Atypical, but enlightening…

I woke up late, which is not a typical occurrence for me. Typically I wake up early and then reserve my being late for those events that occur outside the house and require a more civilized person (which takes dedicated time each morning). I don’t typically start late, I just end up late. I know this about myself and as such try and make accommodations for it; but, during the summer when there is no school and the days are filled with writing my level of accommodation for being late has become quite lax.

Well, the days of summer are dwindling down, at least for those of us who live their lives semester by semester. That means I will have start preparing myself for more structured days on the outside (or in the outside world if you think the prior presentation of “on the outside” made it sound like I was in prison). No room to complain about that – it simply is what it is. I live a golden life and I know I have no room to complain. I do what I love, enjoy the people I work with, am surrounded by family and friends that are full of laughter and life and have been blessed with good health…oh, and I have a stockpile of coffee – what is there to complain about?

Yes, it is all good, but that was not where I was going with all of this. What I wanted to share was how my getting up late was related to my new favorite thing (someone call Oprah and tell her to put it on her “favorite things” list) – my daily blog. When I woke up late this morning my first thought was that I had slept through my traditional blogging time (which has come to be the time before 7 AM). When I realized that I might not have time to blog it had a profound effect on the speed of my movement.

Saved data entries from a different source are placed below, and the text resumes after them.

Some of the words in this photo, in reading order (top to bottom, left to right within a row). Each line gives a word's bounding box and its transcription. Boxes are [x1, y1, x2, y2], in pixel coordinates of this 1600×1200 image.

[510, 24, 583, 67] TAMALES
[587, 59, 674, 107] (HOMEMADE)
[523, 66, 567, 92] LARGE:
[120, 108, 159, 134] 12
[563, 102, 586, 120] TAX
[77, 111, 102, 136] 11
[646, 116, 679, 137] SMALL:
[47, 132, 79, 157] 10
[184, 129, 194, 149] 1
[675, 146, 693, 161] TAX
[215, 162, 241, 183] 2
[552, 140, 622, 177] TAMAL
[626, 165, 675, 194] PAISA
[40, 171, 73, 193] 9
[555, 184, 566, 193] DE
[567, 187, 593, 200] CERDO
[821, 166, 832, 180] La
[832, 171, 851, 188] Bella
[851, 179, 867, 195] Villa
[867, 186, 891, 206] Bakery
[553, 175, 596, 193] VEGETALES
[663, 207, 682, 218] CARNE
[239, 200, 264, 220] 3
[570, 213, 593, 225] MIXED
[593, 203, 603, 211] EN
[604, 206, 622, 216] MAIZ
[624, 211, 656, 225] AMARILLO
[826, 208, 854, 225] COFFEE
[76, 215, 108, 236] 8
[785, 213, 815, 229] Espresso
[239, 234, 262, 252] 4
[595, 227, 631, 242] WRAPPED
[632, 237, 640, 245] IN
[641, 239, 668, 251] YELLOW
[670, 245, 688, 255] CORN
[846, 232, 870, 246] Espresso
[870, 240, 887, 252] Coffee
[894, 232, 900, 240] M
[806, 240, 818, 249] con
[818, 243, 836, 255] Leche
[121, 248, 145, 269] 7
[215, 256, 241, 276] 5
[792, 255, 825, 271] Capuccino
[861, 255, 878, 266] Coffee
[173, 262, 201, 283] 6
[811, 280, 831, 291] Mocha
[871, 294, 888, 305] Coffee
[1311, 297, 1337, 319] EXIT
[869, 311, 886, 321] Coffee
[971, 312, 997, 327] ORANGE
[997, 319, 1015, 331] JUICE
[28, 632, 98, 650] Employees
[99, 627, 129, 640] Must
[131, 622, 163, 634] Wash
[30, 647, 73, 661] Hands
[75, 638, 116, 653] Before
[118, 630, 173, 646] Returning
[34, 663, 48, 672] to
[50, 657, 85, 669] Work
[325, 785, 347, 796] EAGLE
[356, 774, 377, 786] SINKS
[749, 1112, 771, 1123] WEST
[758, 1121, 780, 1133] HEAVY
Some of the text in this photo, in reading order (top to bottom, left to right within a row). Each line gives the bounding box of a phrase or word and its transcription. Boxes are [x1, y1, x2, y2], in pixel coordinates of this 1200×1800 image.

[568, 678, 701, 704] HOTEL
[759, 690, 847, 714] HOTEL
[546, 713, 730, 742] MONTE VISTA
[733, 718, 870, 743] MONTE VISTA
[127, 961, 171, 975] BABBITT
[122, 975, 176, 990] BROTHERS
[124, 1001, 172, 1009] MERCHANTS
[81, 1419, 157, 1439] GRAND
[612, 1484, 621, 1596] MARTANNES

What – no blogging? “No, no, no, no, no – there cannot be a compromise when it comes to my guilty pleasure, my gift to myself, my daily sanity saver”…that is the message that shot through my brain in a millisecond and wow did my brain deliver. I was out of that bed and down the stairs with both eyes open by the time you could say “Hello” (and I didn’t even run into a single wall). And miraculously I knew at that moment that “the process” – that which is involved in making me a fit citizen to deal with others on the outside – could be dramatically shortened if something of value was at stake.

Well, I felt like I had made a scientific discovery and should begin a journal article that very moment. There is a way to change ingrained patterns of behavior if the threat of not changing them results in a more significant loss than benefit. Now at this point I could go all theoretical on you, but I’ll refrain to avoid putting you to sleep. The point is, in a pinch, my body (and my mind that typically operates in full facilitation once brain activity begins – after the first cup of coffee) can shortcut “the process”.

Hallelujah and praise the Lord – that is good news! I have become attached to my blogging and it has been one of the best gifts I have ever given myself. And I mean that relative to all things – the mid-life crisis car, the jewelry, the vacations, the salon treatments, the cute boys I have dated, the husbands I have divorced – everything. Interestingly, the blogging is the only thing (at least out of the aforementioned list) that didn’t come with a price tag of sorts. And let me say at this juncture that while money cannot buy everything, it can buy some really cool things (I do not want to speak ill of it and put bad vibes out into my economic universe-I am still feelin’ the love for money). Yes, money is good for stuff, but being able to feed your soul is priceless.

It is a beautiful day in the new forty, filled with newfound awareness that truly the best things in life are free and one should never allow the things that bring them joy to be pushed to the sidelines. Now I am off to share all my joy and light with the world – let’s hope its not so overpowering that it causes folks to gag.

Day twenty-five of the new forty – obla di obla da

CC

2 thoughts on “Atypical, but enlightening…

  1. I knew the moment I saw your face on this blog, you were going to really embrace it. I can’t wait to see how you sustain it, AND how it sustains YOU!